When extended with the downloadable IBM® Integration Module, the IBM Optim® pureQuery Runtime simplifies the process of generating DB2® static SQL for Hibernate and iBATIS applications. It does this without requiring you to make changes to your application code or to gather SQL from production workloads. The Optim pureQuery Runtime also enables Hibernate and iBATIS applications that access DB2 or Informix® to benefit from the heterogeneous batching feature in pureQuery. With it, you can batch multiple INSERT, UPDATE, and DELETE requests before sending them across the network, even when the requests reference multiple tables. This article is Part 1 of a two-part "Accelerate Hibernate and iBATIS applications using pureQuery" series. It describes using the IBM Integration Module with Hibernate applications and includes a downloadable sample application that illustrates how to easily enable static SQL and heterogeneous batch functions with Hibernate applications.

Share:

Praveen Devarao (praveendrl@in.ibm.com), Software Engineer, IBM

Praveen DevaraoPraveen Devarao is a software engineer at IBM India Software Labs working on varied open source technologies and offerings for IBM DB2 and IBM Informix.

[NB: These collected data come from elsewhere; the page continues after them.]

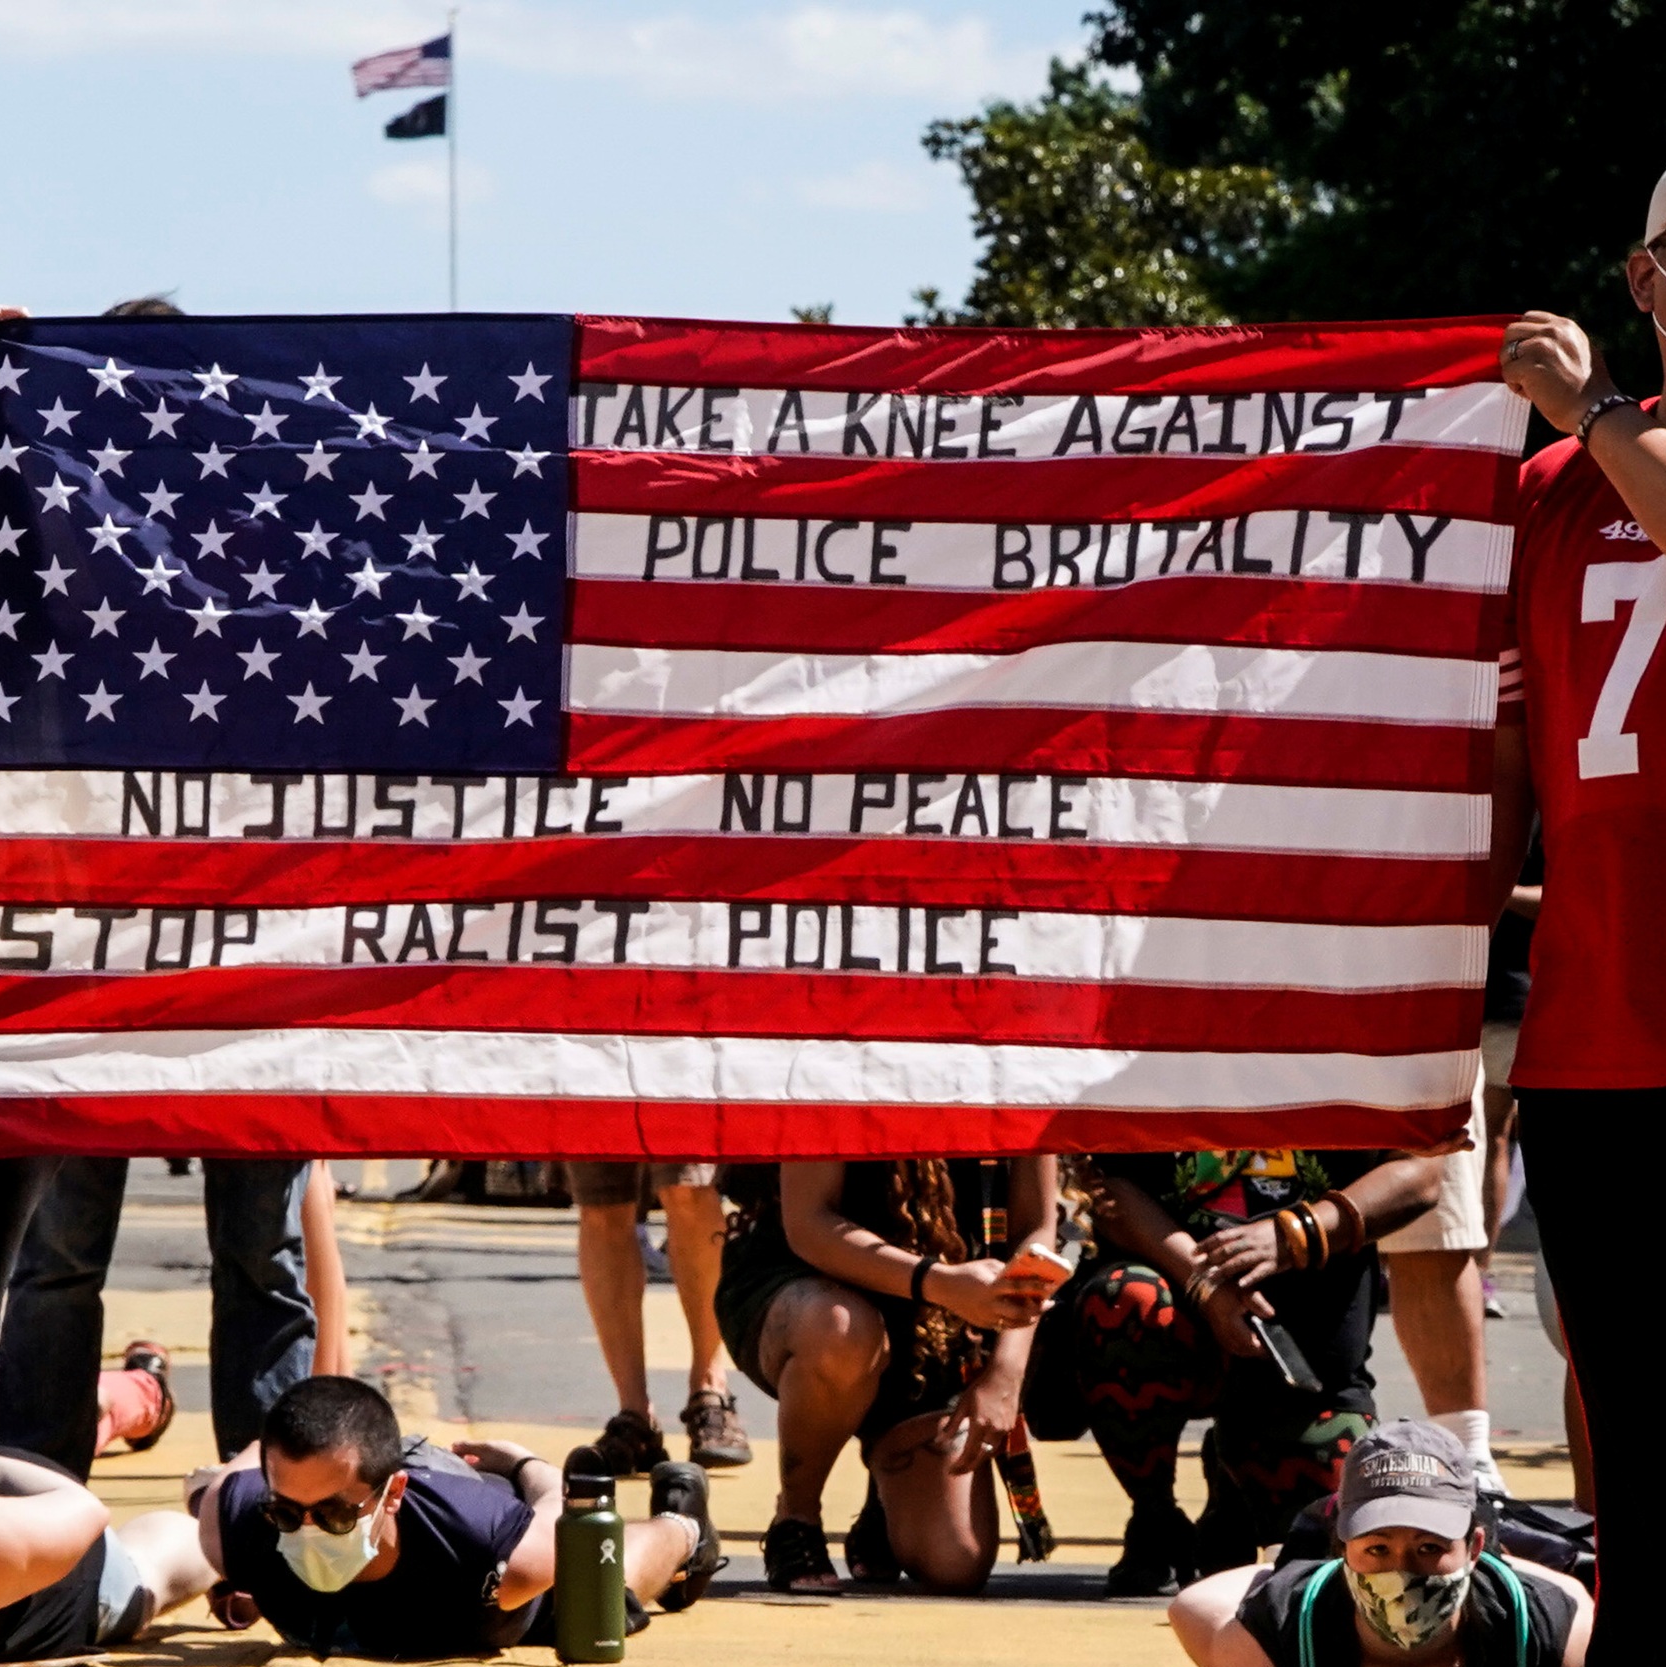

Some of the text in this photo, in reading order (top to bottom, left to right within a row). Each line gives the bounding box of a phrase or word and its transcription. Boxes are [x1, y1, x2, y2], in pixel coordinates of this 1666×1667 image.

[577, 383, 1426, 459] TAKE A KNEE AGAINST
[642, 511, 1451, 589] POLICE BRUTALITY
[122, 771, 1088, 839] NO JUSTICE NO PEACE
[343, 900, 649, 963] RACIST
[731, 902, 1019, 974] POLICE
[1363, 1452, 1438, 1478] SMITHSONIAN
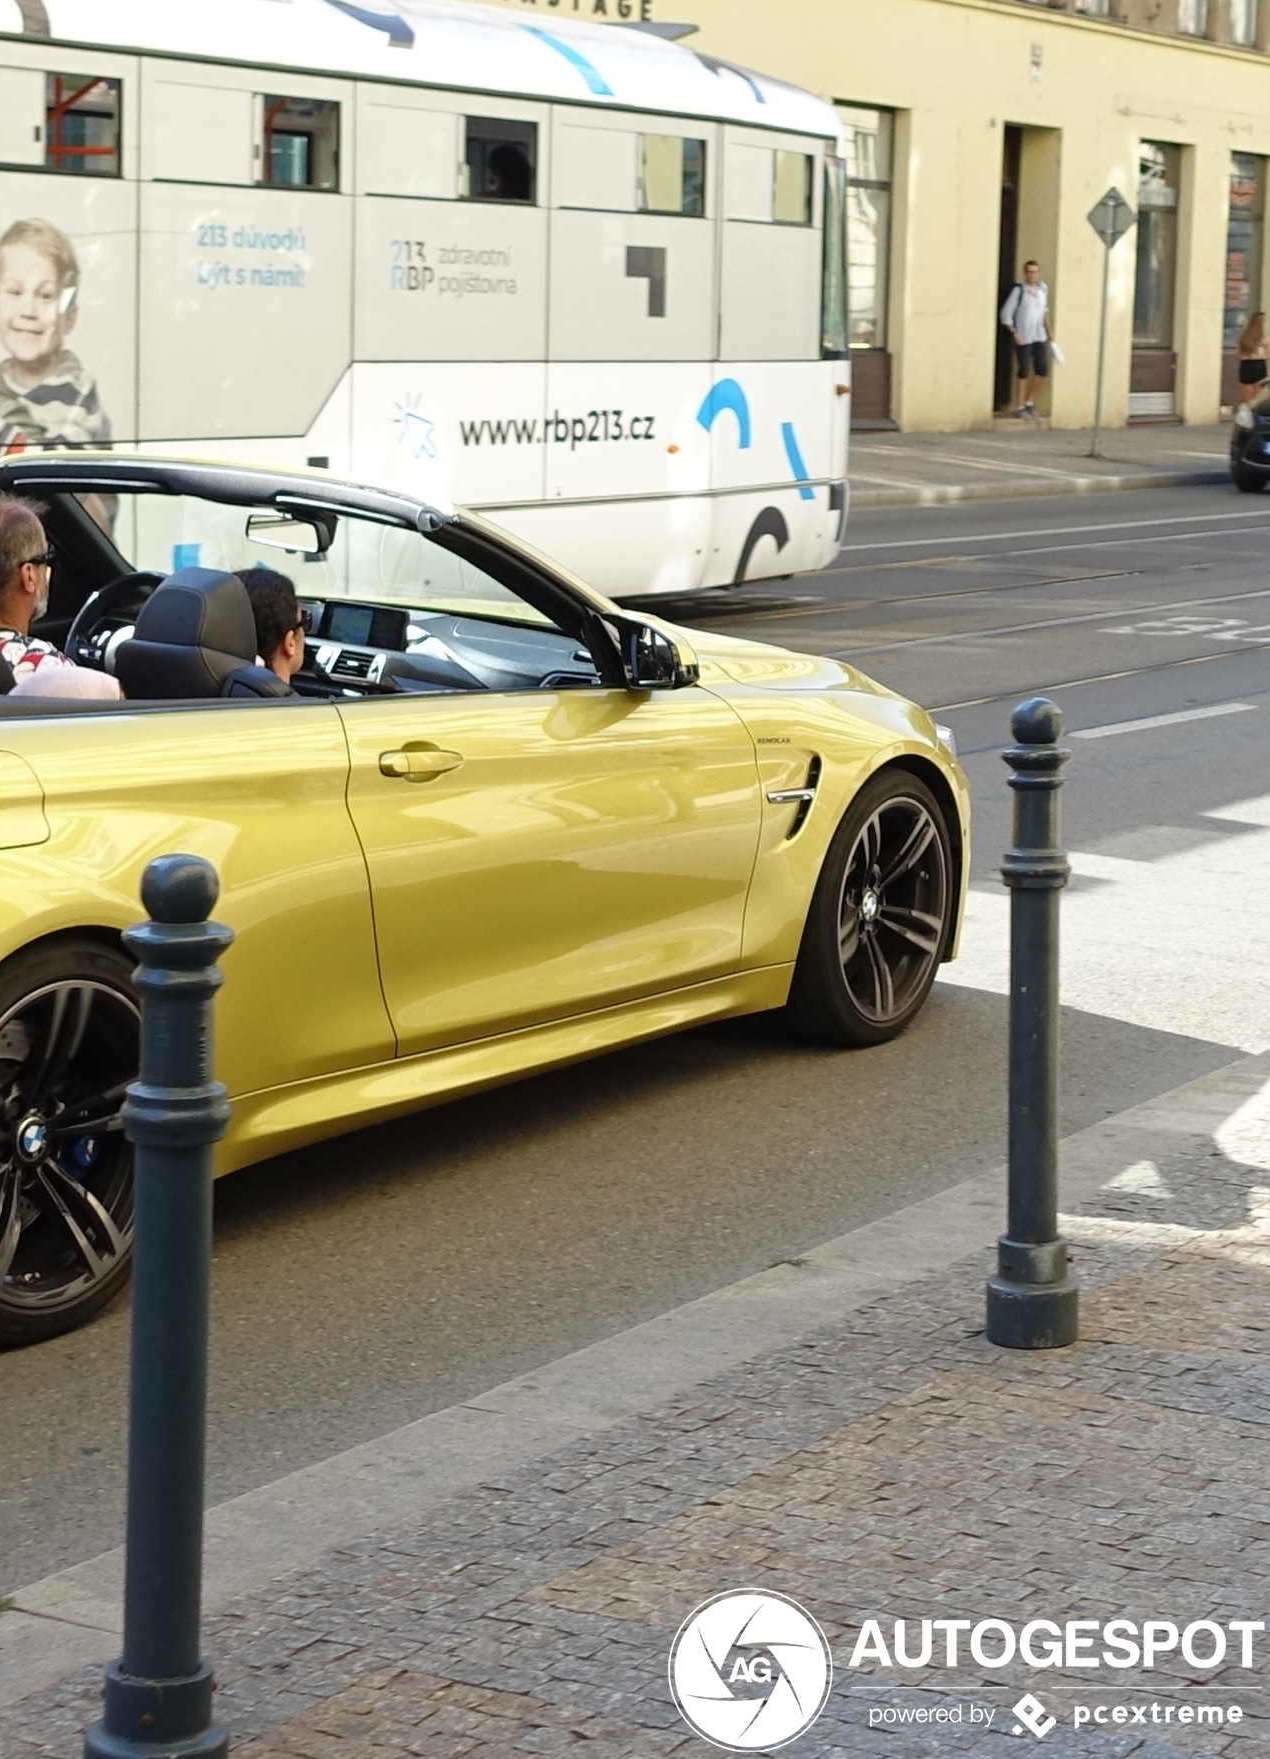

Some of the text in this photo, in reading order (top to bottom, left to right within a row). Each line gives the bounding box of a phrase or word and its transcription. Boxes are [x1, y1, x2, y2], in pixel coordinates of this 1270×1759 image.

He started his career at IBM and has about four years of experience on technologies related to relational databases, Ruby on Rails, Perl, Python, PHP, and Java data access frameworks like Hibernate.



Sandhya Turaga (sturaga@us.ibm.com), Software Engineer, IBM

Sandhya Turaga photoSandhya Turaga is a Software Engineer in the object query development team at IBM Silicon Valley Lab. Previously, while working as an intern at IBM, she worked on query performance improvement for ObjectGrid's object query language. She graduated with an MS in Computer Science from San Jose State University in May 2008, where her thesis work was on Grid computing.



Mario Briggs (mario.briggs@in.ibm.com), Senior Software Engineer, IBM

Mario  Briggs photoMario Briggs leads the open source offerings for IBM DB2 and IBM Informix, including PHP, Ruby/Rails, Python/Django, Perl, and Java data access frameworks. He also leads the RDF support in DB2. He has about 14 years of experience in software development with many of those years spent in the area of data access, relational engines, and application-database performance.



Kathy Zeidenstein (krzeide@us.ibm.com), Senior Software Engineer, IBM

Author Photo: Kathy ZeidensteinKathy Zeidenstein has worked at IBM for a bazillion years. She has worked in Information Development, product management, and product marketing. Currently, she is the manager responsible for Information Development for Optim solutions for database development, administration, and design. Previously, she worked on the IBM Optim Solutions technical enablement team and was responsible for community development and communications.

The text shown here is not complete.